Images for object localization
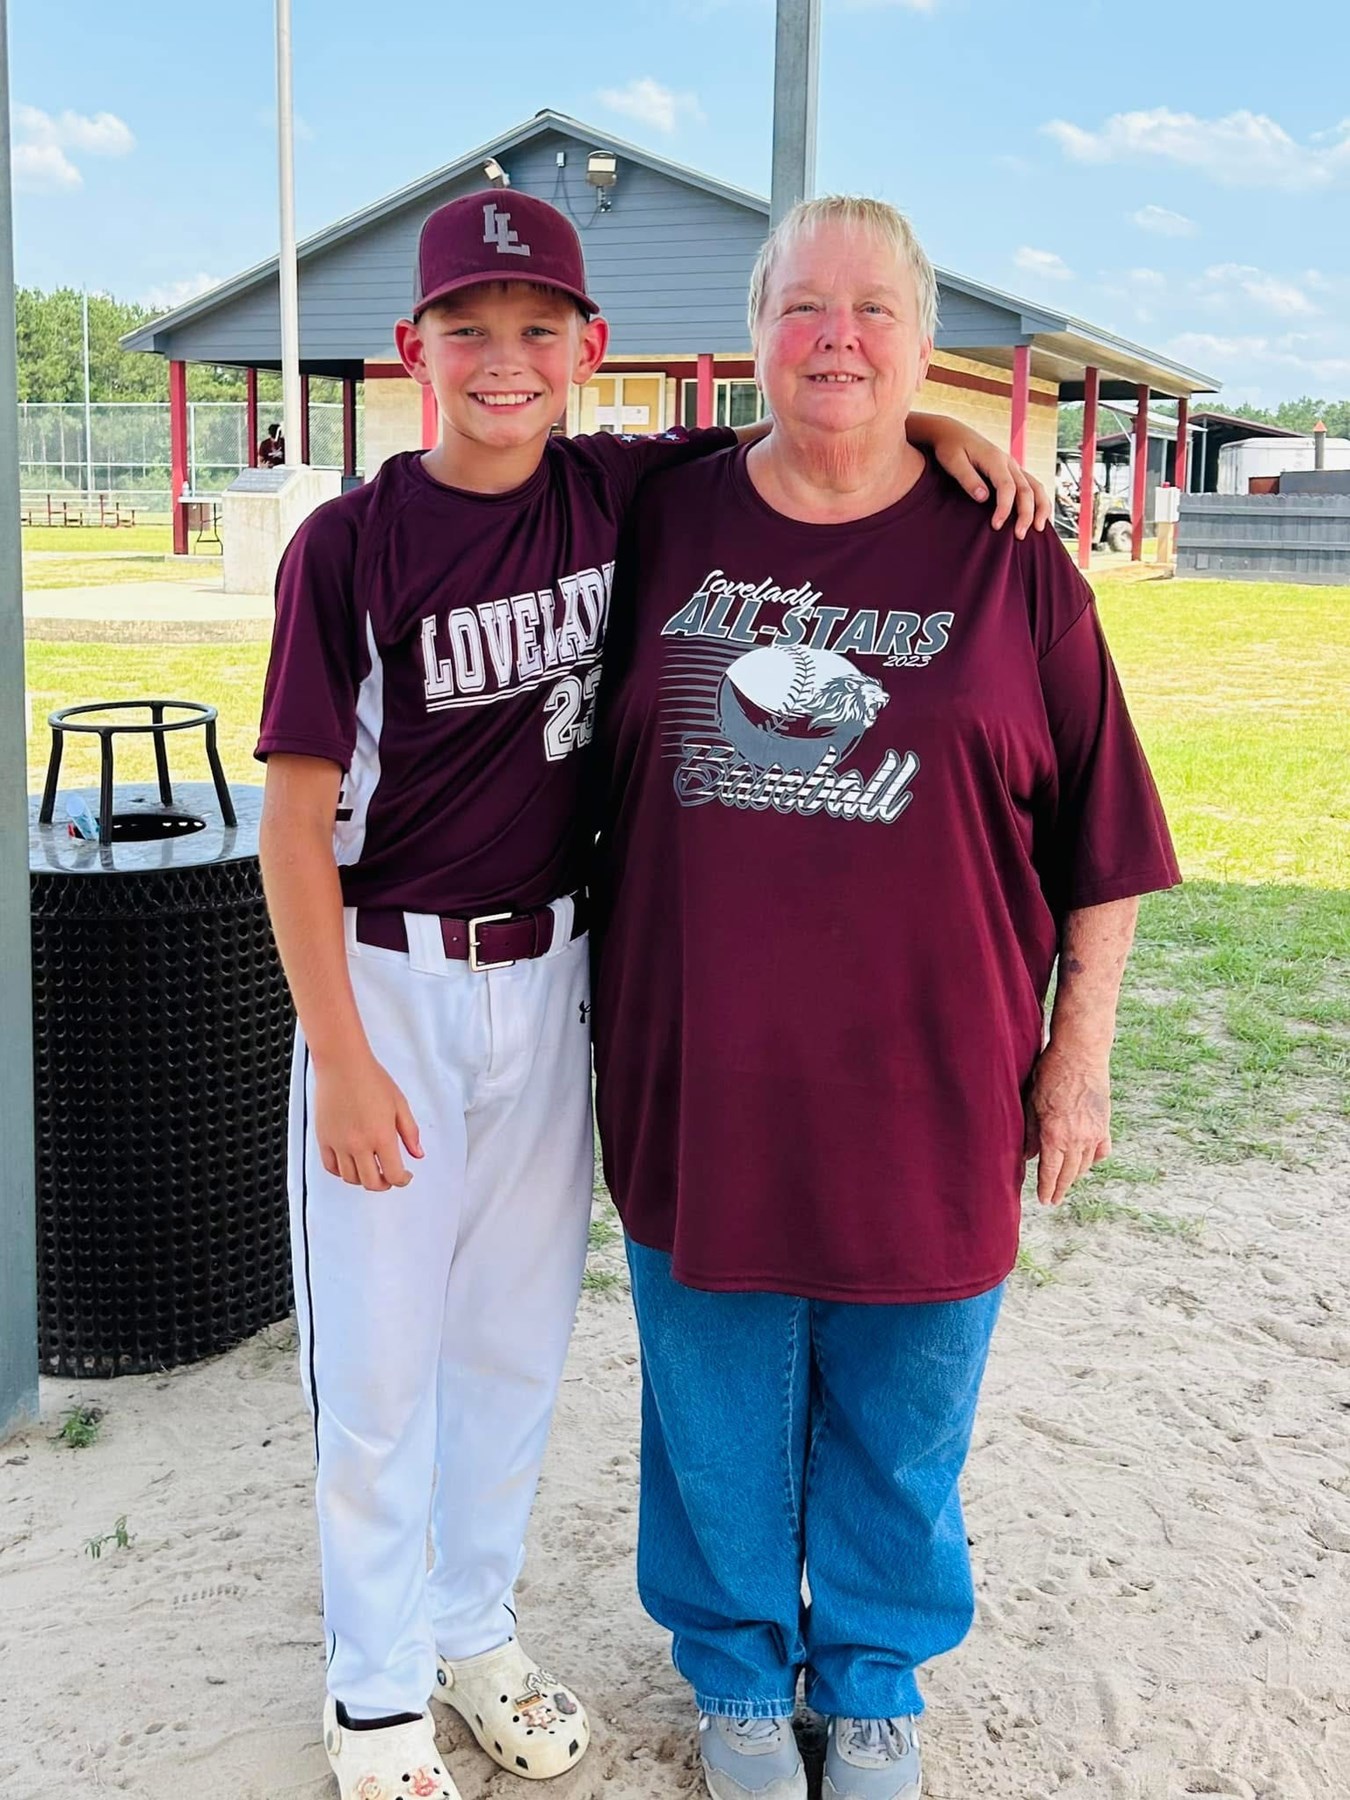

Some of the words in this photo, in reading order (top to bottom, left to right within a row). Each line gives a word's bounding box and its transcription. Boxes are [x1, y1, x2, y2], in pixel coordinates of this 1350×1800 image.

[483, 203, 531, 256] LL
[694, 569, 823, 617] Lovelady
[660, 592, 955, 656] ALL-STARS
[882, 655, 932, 668] 2023
[673, 731, 921, 824] Baseball
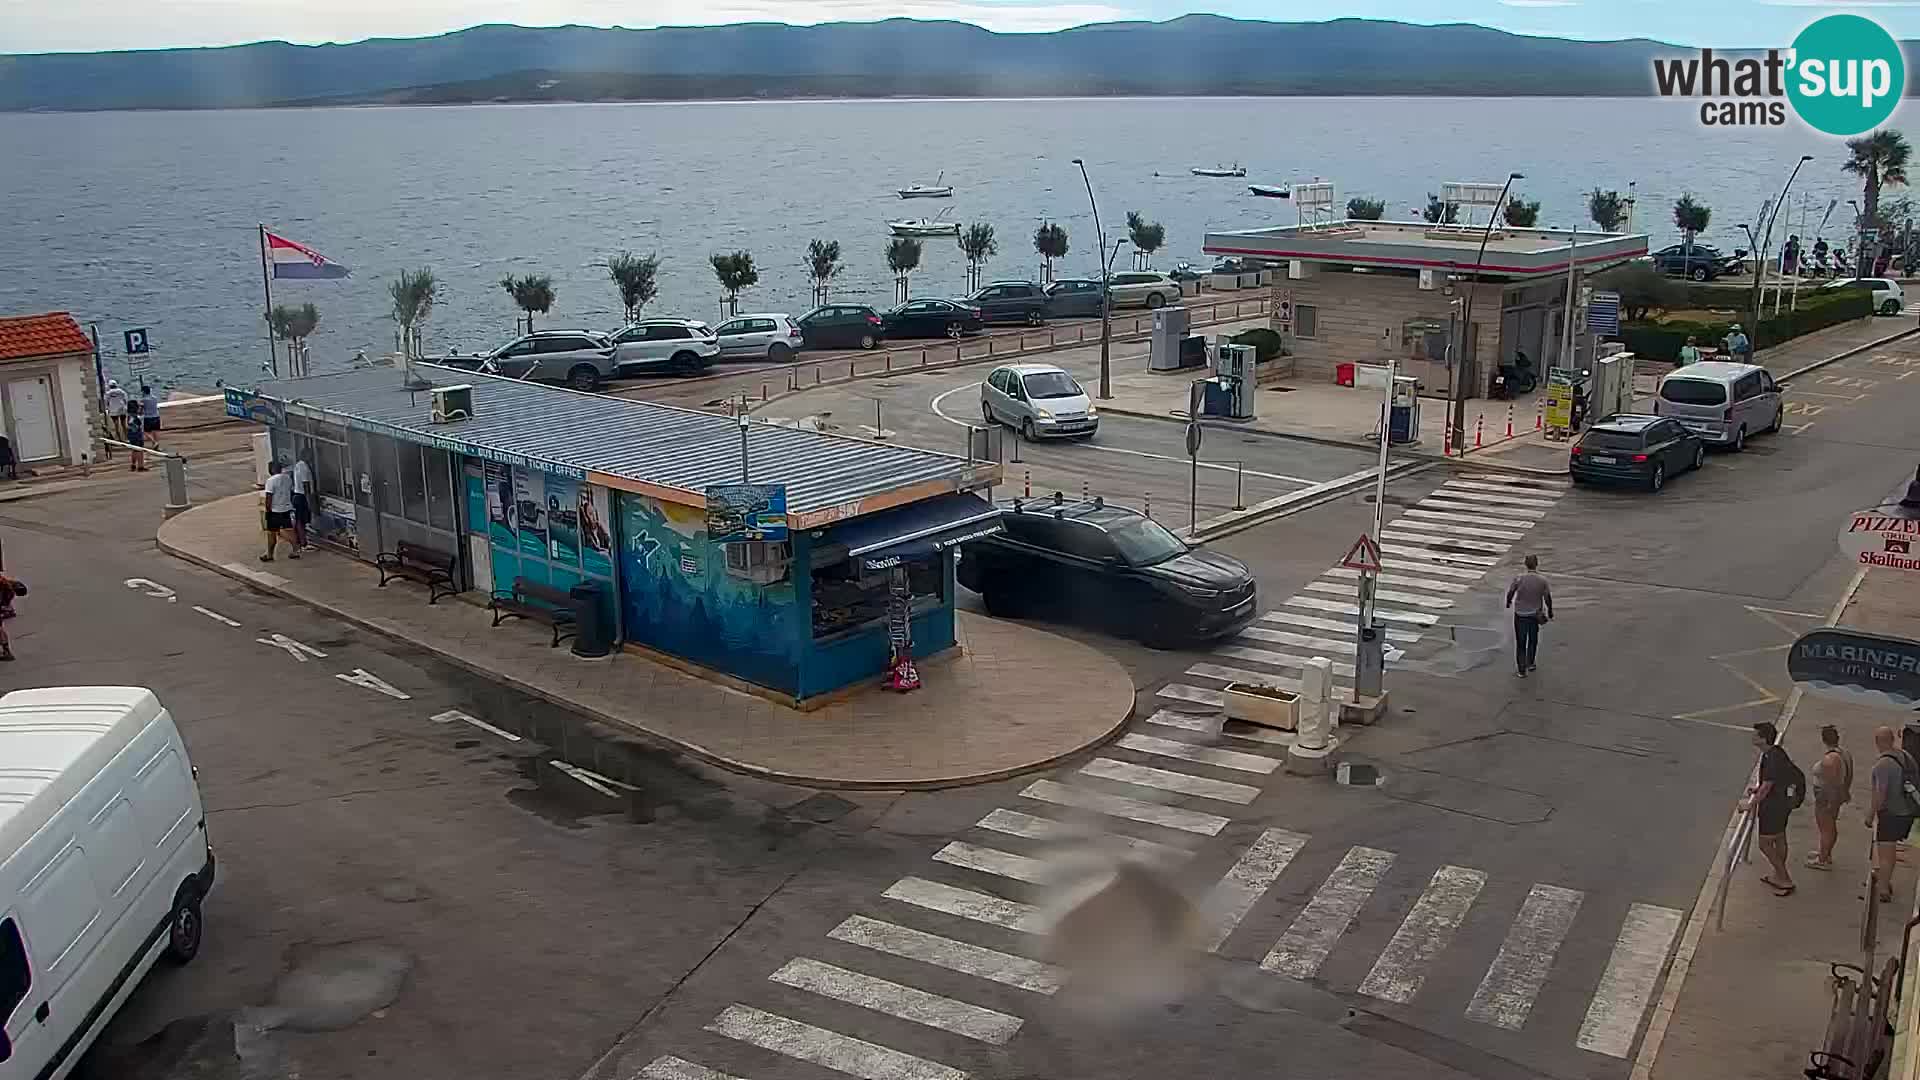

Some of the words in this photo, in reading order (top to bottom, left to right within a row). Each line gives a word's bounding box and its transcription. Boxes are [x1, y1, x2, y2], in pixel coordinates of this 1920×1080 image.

[130, 332, 143, 351] P
[494, 451, 526, 467] STATION
[527, 459, 554, 473] TICKET
[555, 465, 583, 479] OFFICE
[1848, 516, 1920, 535] PIZZE
[1882, 531, 1917, 542] GRILL
[1870, 666, 1897, 681] bar
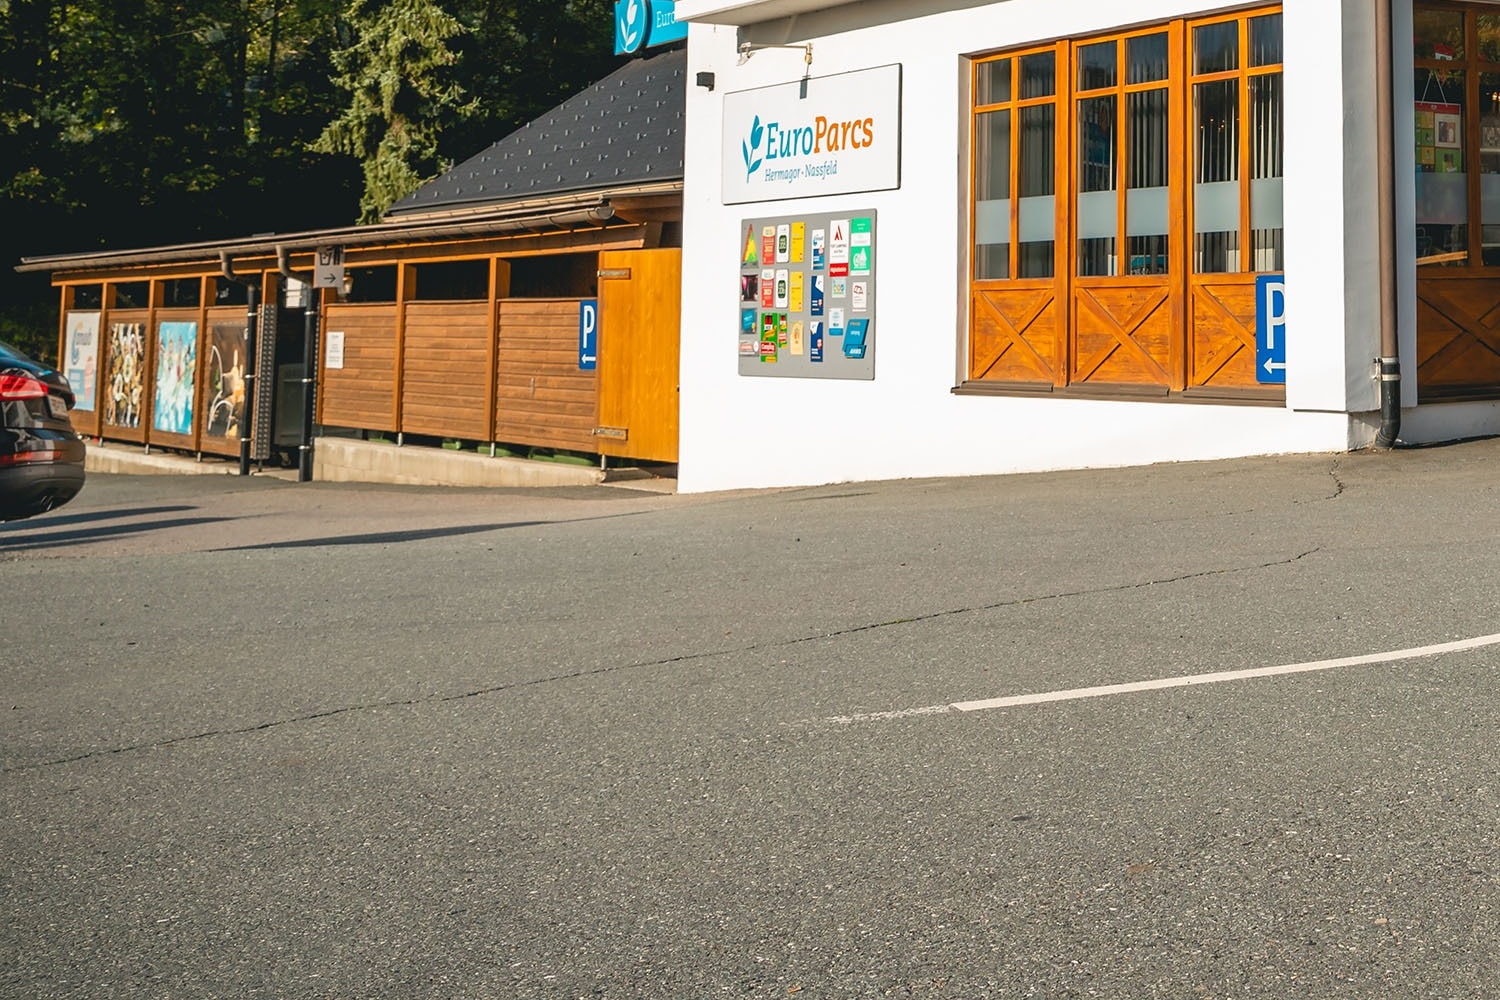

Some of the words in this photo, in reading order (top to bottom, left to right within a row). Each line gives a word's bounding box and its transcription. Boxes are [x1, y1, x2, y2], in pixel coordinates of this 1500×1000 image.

[765, 116, 873, 160] EuroParcs
[764, 167, 800, 183] Hermagor
[805, 160, 838, 180] Nassfeld
[583, 305, 595, 349] P
[1266, 282, 1285, 349] P
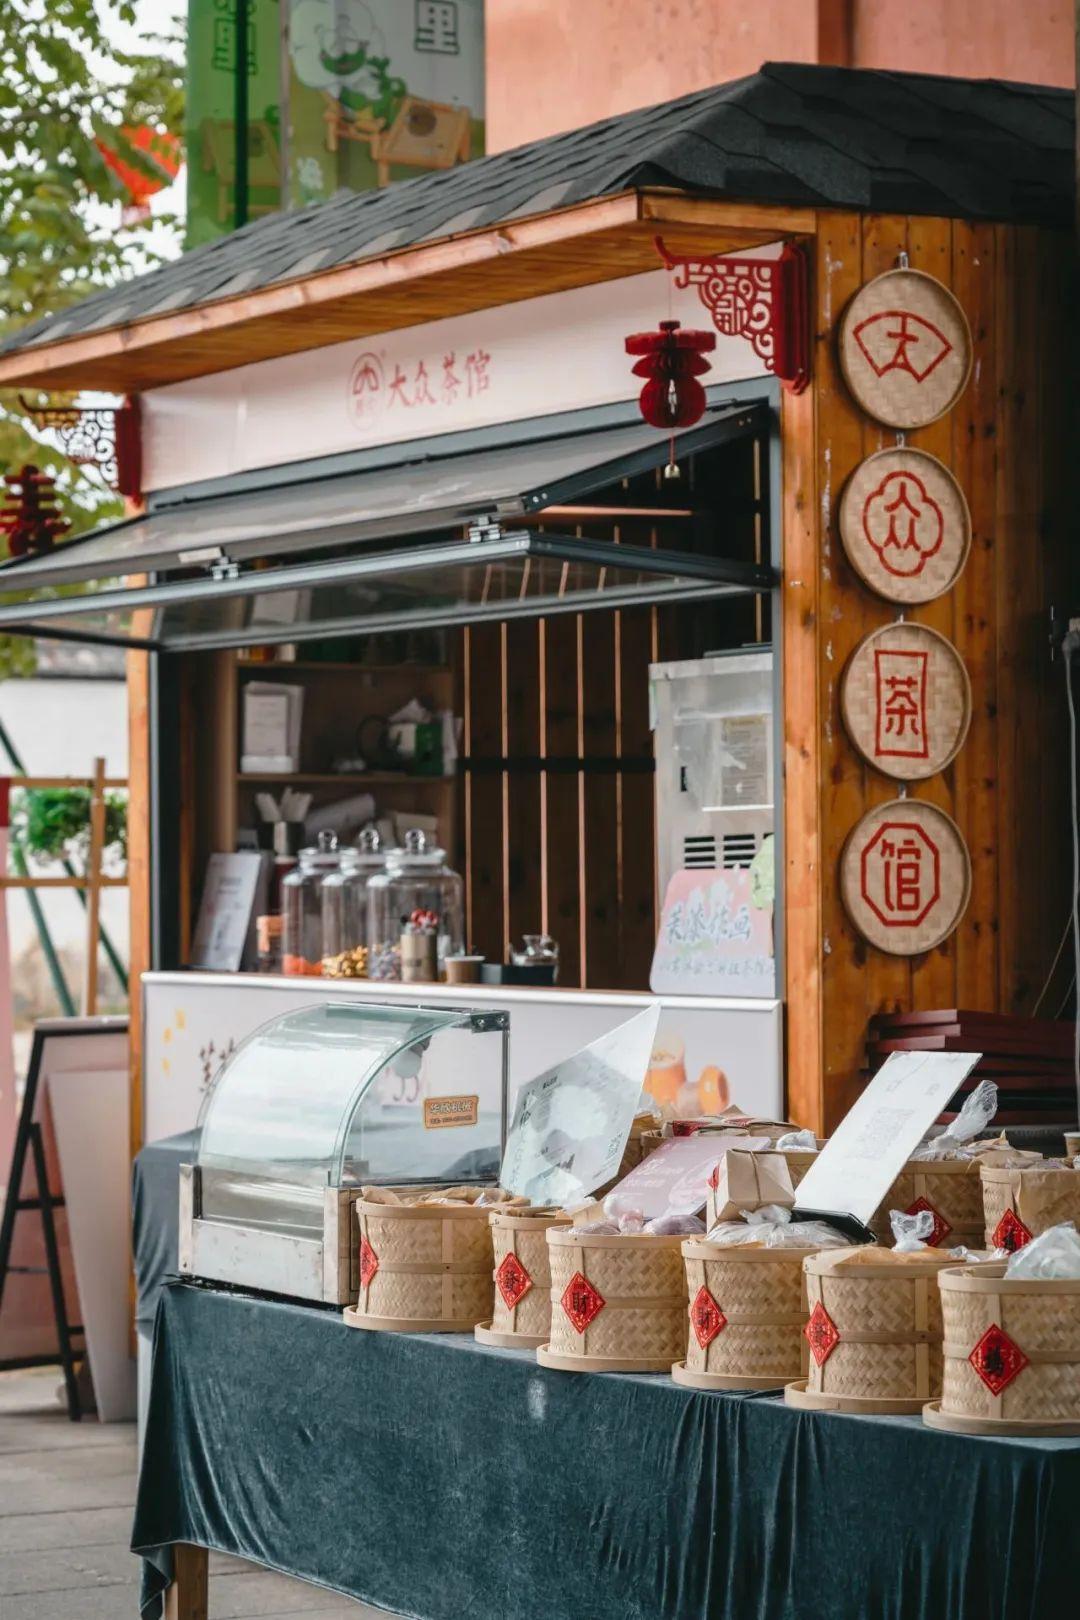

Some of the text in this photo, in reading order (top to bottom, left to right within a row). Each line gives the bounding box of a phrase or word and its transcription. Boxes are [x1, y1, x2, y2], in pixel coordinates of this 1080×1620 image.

[886, 312, 922, 376] 大
[388, 349, 491, 407] 大众茶馆
[884, 481, 921, 550] 众
[884, 676, 920, 736] 茶
[880, 838, 921, 912] 馆

YOUR INSTRUCTIONS: Only the text of the records is to be reproduced exactly; skip the pictures.

TASK OUTPUT:
Some of the words in this photo, in reading order (top to bottom, left to right within a row). Each line gives a word's bounding box and its transcription. Boxes are [x1, y1, x2, y2], in pixel coordinates of this 1350×1800 image.

[483, 203, 531, 256] LL
[694, 569, 823, 617] Lovelady
[660, 592, 955, 656] ALL-STARS
[882, 655, 932, 668] 2023
[673, 731, 921, 824] Baseball

Some of the words in this photo, in reading order (top to bottom, left to right within a row). Each line gives a word's bounding box and its transcription. Boxes are [x1, y1, x2, y2], in pixel coordinates of this 1920×1080 image.

[130, 332, 143, 351] P
[494, 451, 526, 467] STATION
[527, 459, 554, 473] TICKET
[555, 465, 583, 479] OFFICE
[1848, 516, 1920, 535] PIZZE
[1882, 531, 1917, 542] GRILL
[1870, 666, 1897, 681] bar

Some of the words in this photo, in reading order (top to bottom, left to right within a row). Each line gives a word's bounding box and its transcription. Boxes are [x1, y1, x2, y2], in pixel coordinates of this 1500×1000 image.

[765, 116, 873, 160] EuroParcs
[764, 167, 800, 183] Hermagor
[805, 160, 838, 180] Nassfeld
[583, 305, 595, 349] P
[1266, 282, 1285, 349] P

Some of the text in this photo, in reading order (top to bottom, left to right within a row). Each line gives the bounding box of a phrase or word and its transcription. Boxes are [x1, y1, x2, y2], in pixel coordinates of this 1080×1620 image.

[886, 312, 922, 376] 大
[388, 349, 491, 407] 大众茶馆
[884, 481, 921, 550] 众
[884, 676, 920, 736] 茶
[880, 838, 921, 912] 馆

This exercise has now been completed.